DATA EXTRACTS Block Start
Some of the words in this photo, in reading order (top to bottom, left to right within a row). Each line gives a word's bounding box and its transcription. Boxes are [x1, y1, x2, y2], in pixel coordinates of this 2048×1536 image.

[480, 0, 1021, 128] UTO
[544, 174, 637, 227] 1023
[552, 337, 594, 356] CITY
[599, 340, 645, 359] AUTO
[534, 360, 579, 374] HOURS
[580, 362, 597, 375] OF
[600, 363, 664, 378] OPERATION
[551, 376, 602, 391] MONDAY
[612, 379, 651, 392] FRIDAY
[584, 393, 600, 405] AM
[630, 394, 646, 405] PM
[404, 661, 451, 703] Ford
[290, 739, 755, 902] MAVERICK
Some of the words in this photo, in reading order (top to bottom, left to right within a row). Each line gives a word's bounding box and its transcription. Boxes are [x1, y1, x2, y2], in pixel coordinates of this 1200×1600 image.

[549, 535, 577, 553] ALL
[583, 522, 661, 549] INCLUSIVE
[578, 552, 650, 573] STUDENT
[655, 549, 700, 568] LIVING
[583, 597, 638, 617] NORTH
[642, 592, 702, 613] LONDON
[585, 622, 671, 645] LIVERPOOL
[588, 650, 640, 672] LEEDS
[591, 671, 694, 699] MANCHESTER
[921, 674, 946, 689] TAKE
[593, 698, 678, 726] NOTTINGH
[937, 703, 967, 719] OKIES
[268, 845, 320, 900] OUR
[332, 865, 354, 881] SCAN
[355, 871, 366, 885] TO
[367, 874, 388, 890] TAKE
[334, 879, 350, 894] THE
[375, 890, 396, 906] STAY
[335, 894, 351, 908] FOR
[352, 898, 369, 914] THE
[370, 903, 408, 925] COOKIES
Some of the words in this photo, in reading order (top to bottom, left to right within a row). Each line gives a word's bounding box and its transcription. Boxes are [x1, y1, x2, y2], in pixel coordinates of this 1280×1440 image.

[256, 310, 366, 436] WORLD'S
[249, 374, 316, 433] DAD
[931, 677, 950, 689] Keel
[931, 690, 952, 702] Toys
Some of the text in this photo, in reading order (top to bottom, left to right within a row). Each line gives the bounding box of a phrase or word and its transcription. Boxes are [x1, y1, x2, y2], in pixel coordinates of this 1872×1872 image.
DATA EXTRACTS Block End
Write the listing out once more, keeping each word as it is.

Some of the words in this photo, in reading order (top to bottom, left to right within a row). Each line gives a word's bounding box and its transcription. Boxes are [x1, y1, x2, y2], in pixel coordinates of this 2048×1536 image.

[480, 0, 1021, 128] UTO
[544, 174, 637, 227] 1023
[552, 337, 594, 356] CITY
[599, 340, 645, 359] AUTO
[534, 360, 579, 374] HOURS
[580, 362, 597, 375] OF
[600, 363, 664, 378] OPERATION
[551, 376, 602, 391] MONDAY
[612, 379, 651, 392] FRIDAY
[584, 393, 600, 405] AM
[630, 394, 646, 405] PM
[404, 661, 451, 703] Ford
[290, 739, 755, 902] MAVERICK
Some of the words in this photo, in reading order (top to bottom, left to right within a row). Each line gives a word's bounding box and its transcription. Boxes are [x1, y1, x2, y2], in pixel coordinates of this 1200×1600 image.

[549, 535, 577, 553] ALL
[583, 522, 661, 549] INCLUSIVE
[578, 552, 650, 573] STUDENT
[655, 549, 700, 568] LIVING
[583, 597, 638, 617] NORTH
[642, 592, 702, 613] LONDON
[585, 622, 671, 645] LIVERPOOL
[588, 650, 640, 672] LEEDS
[591, 671, 694, 699] MANCHESTER
[921, 674, 946, 689] TAKE
[593, 698, 678, 726] NOTTINGH
[937, 703, 967, 719] OKIES
[268, 845, 320, 900] OUR
[332, 865, 354, 881] SCAN
[355, 871, 366, 885] TO
[367, 874, 388, 890] TAKE
[334, 879, 350, 894] THE
[375, 890, 396, 906] STAY
[335, 894, 351, 908] FOR
[352, 898, 369, 914] THE
[370, 903, 408, 925] COOKIES
Some of the words in this photo, in reading order (top to bottom, left to right within a row). Each line gives a word's bounding box and its transcription. Boxes are [x1, y1, x2, y2], in pixel coordinates of this 1280×1440 image.

[256, 310, 366, 436] WORLD'S
[249, 374, 316, 433] DAD
[931, 677, 950, 689] Keel
[931, 690, 952, 702] Toys
Some of the text in this photo, in reading order (top to bottom, left to right within a row). Each line gives the bounding box of a phrase or word and its transcription. Boxes are [x1, y1, x2, y2], in pixel coordinates of this 1872×1872 image.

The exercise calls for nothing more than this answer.